C'est un pépin retrouvé dans les latrines d'un hôpital du XVe siècle qui raconte un pan d'histoire de la viticulture en France. Son ADN a révélé qu'il s'agit d'un pinot noir, reproduit à l'identique jusqu'à nos jours par des techniques de clonage comme le bouturage.
«Le XVe siècle, c'est la fin de la guerre de Cent Ans, c'est Jeanne d'Arc. D'une certaine manière, ça veut dire qu'elle aurait pu croquer le même raisin que nous», s'enthousiasme le paléogénéticien Ludovic Orlando, co-auteur d'une étude publiée mardi dans la revue Nature Communications.
Raisin de table ou base pour le vin?
Impossible de dire si le fruit, déniché au milieu d'autres déchets alimentaires dans une «poubelle» médiévale à Valenciennes (Nord), «était consommé comme du raisin de table ou si les gens de l'époque en faisaient du vin», raconte l'archéobotaniste Laurent Bouby, autre co-auteur de l'article.

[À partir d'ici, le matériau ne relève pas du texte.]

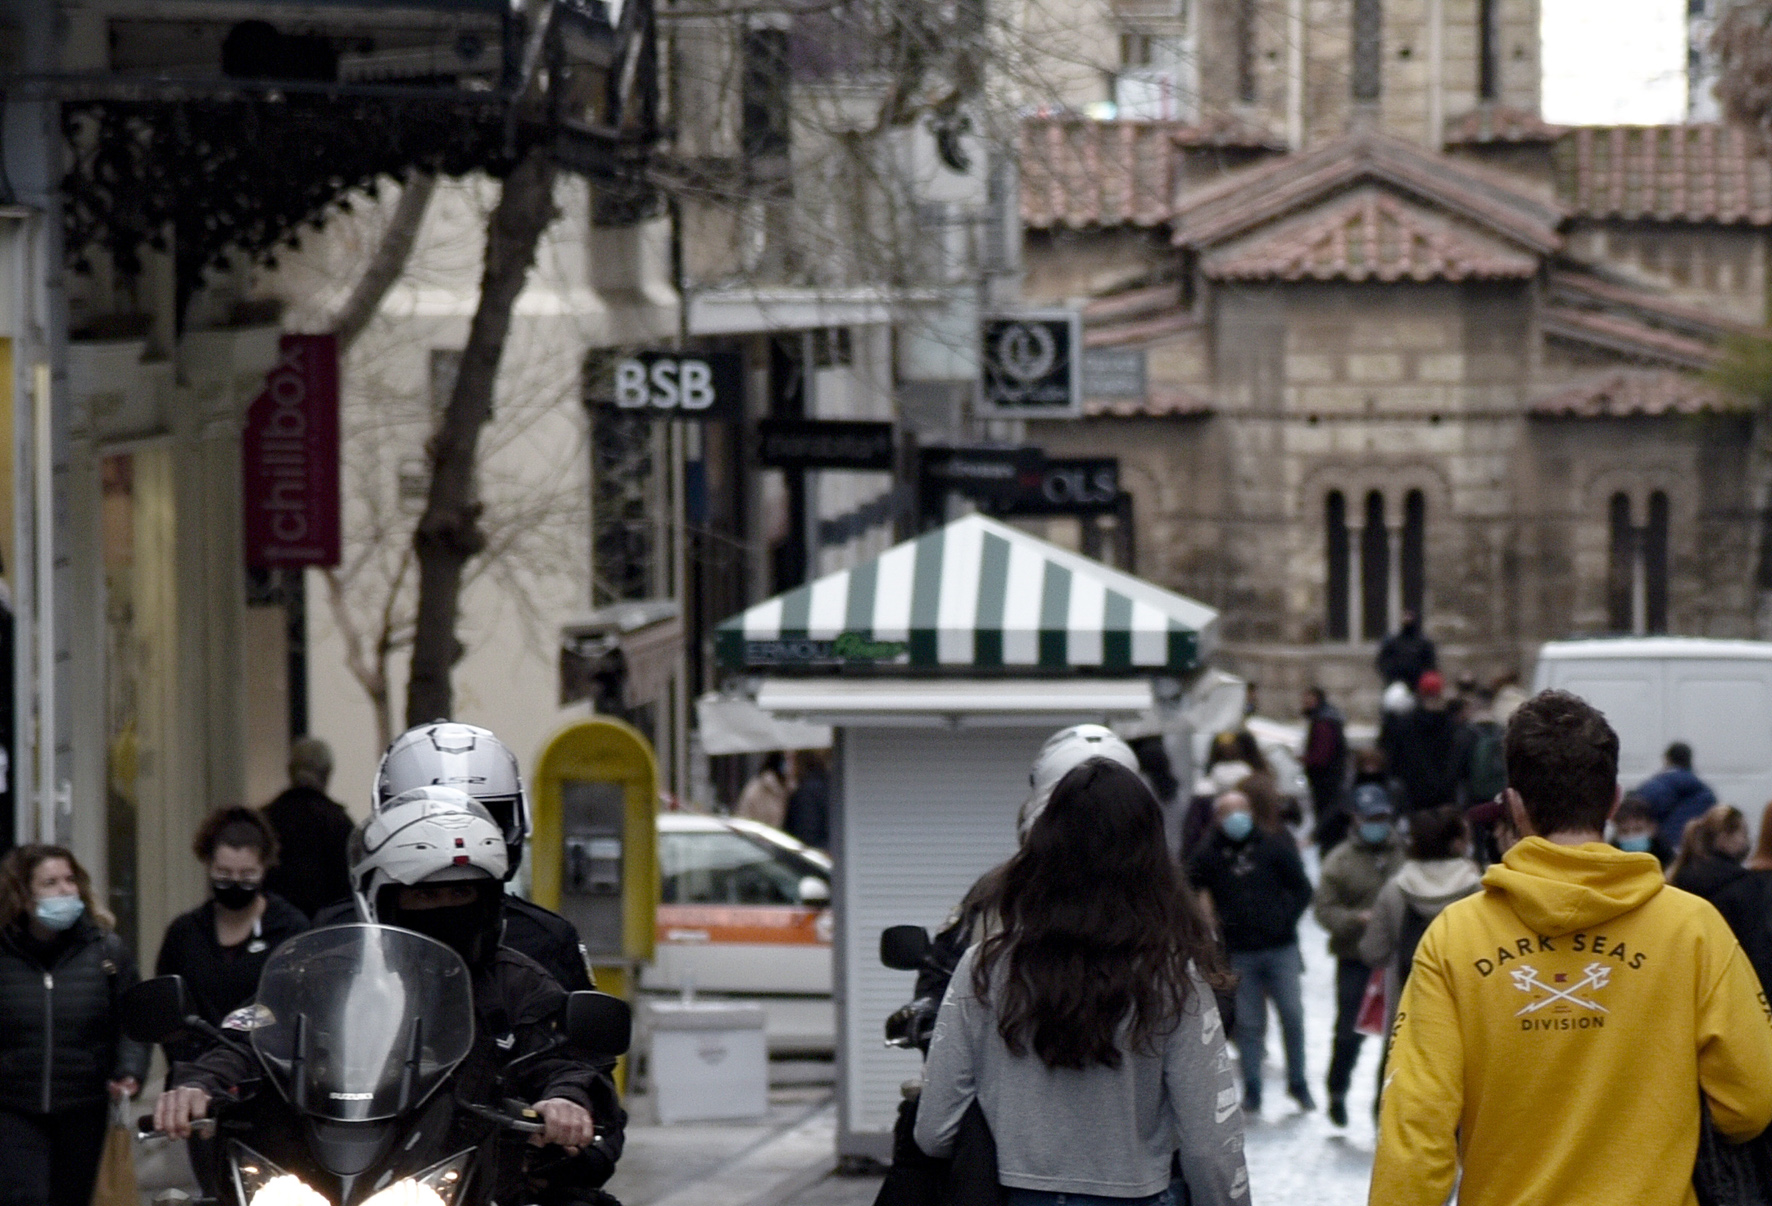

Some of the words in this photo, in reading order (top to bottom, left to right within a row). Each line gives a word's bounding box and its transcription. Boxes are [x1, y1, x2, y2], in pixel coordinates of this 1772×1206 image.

[616, 359, 715, 409] BSB
[1473, 935, 1556, 978] DARK
[1572, 933, 1647, 970] SEAS
[1521, 1016, 1605, 1031] DIVISION
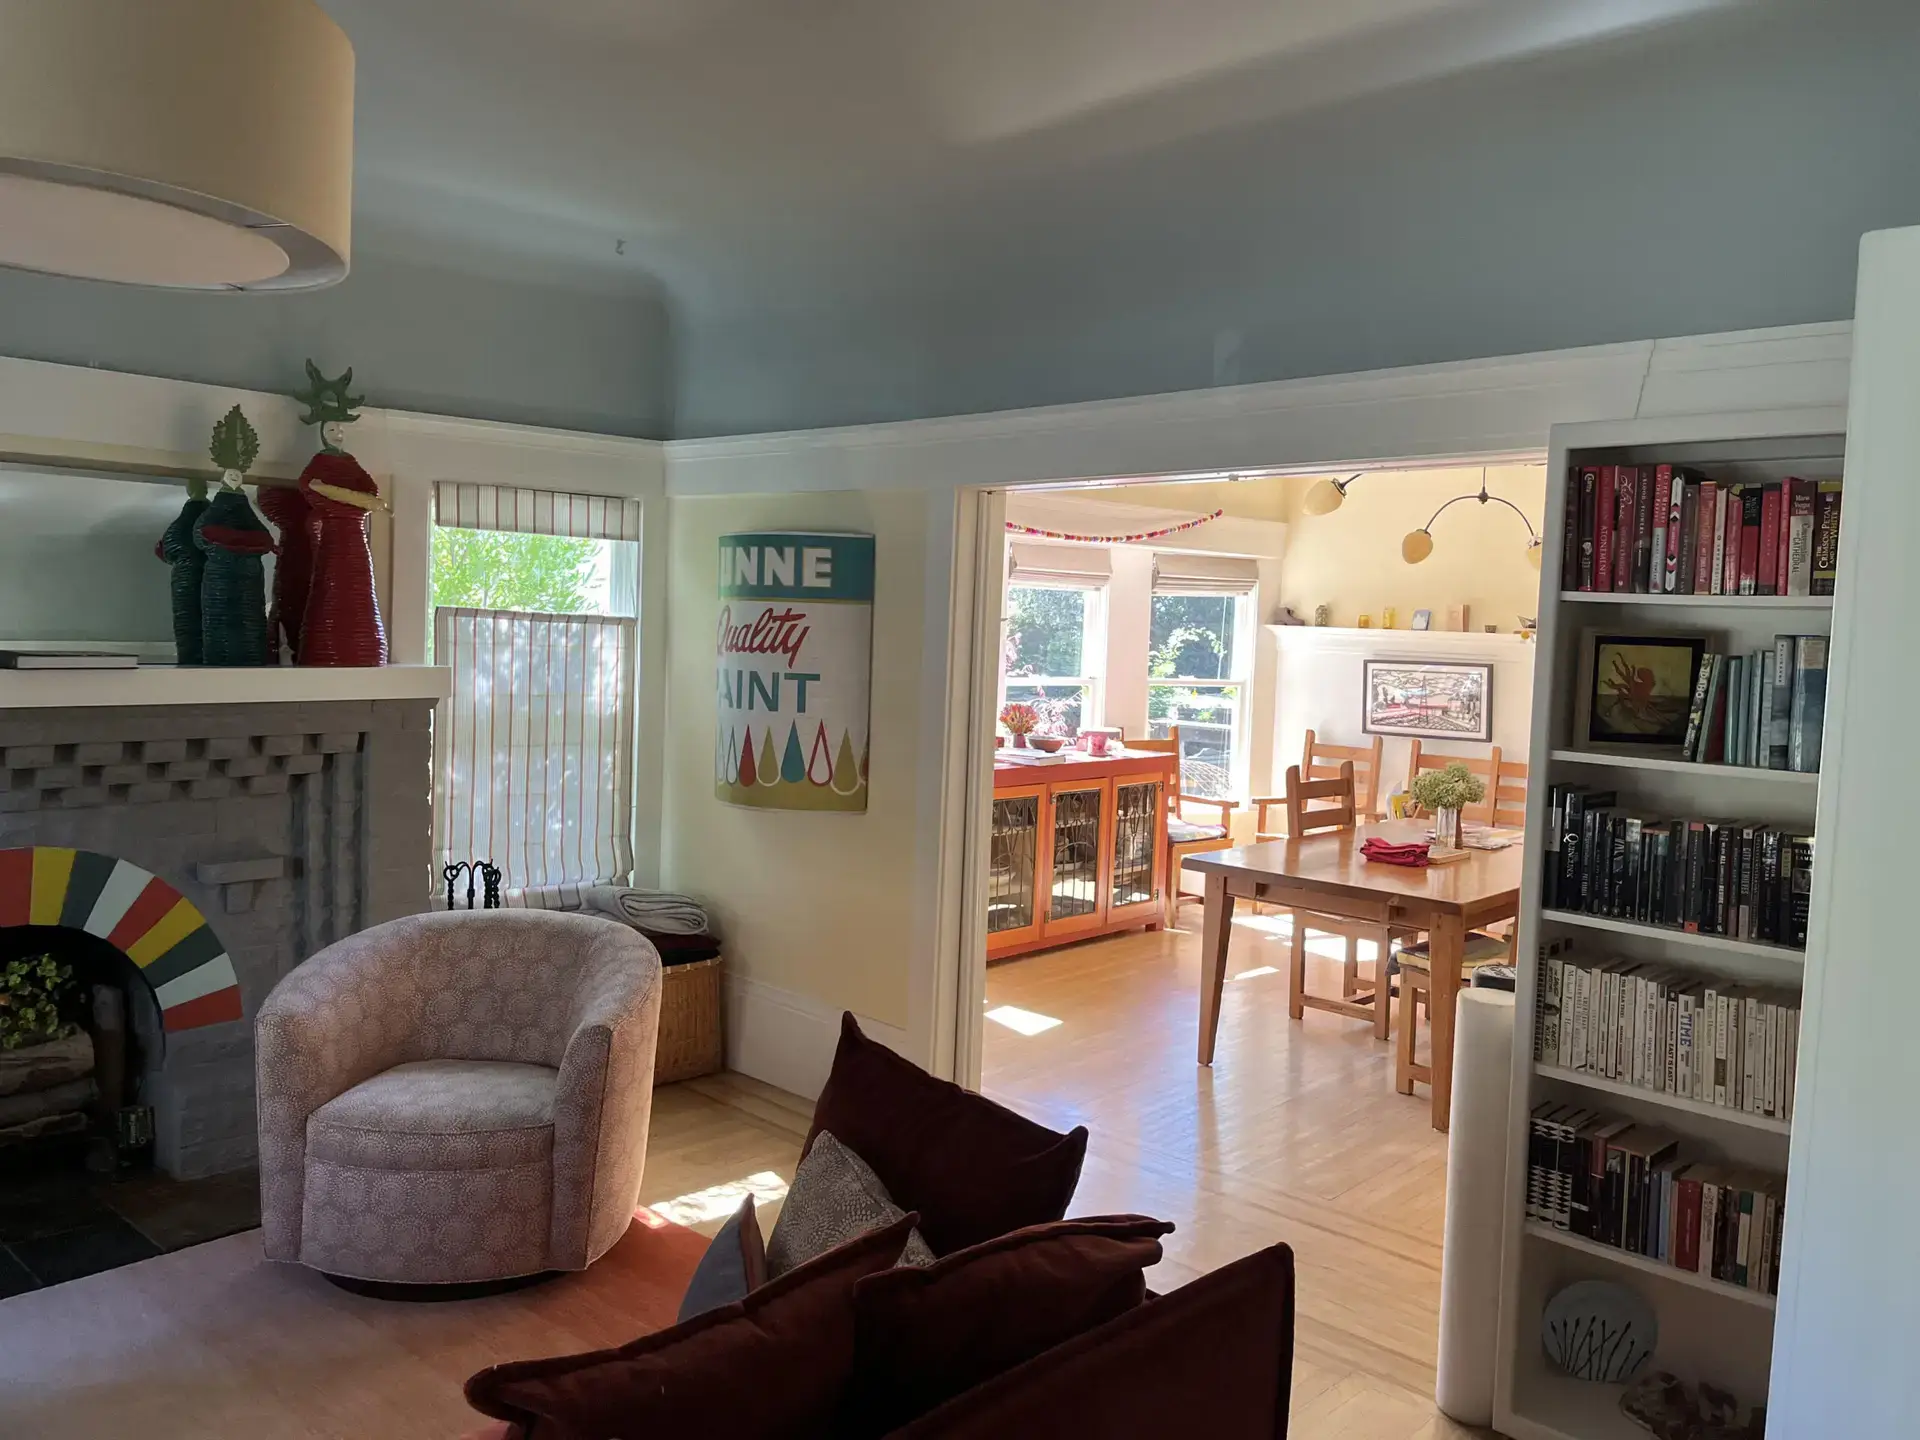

Mais le séquençage de son génome a fourni de précieuses indications sur la plante qui l'a porté. A savoir un pied de vigne rigoureusement identique au pinot noir moderne. Ce qui atteste que, depuis au moins 600 ans, ce «cépage de rois» emblématique de Bourgogne a été reproduit par des générations de viticulteurs grâce à des techniques de «propagation clonale», comme le bouturage.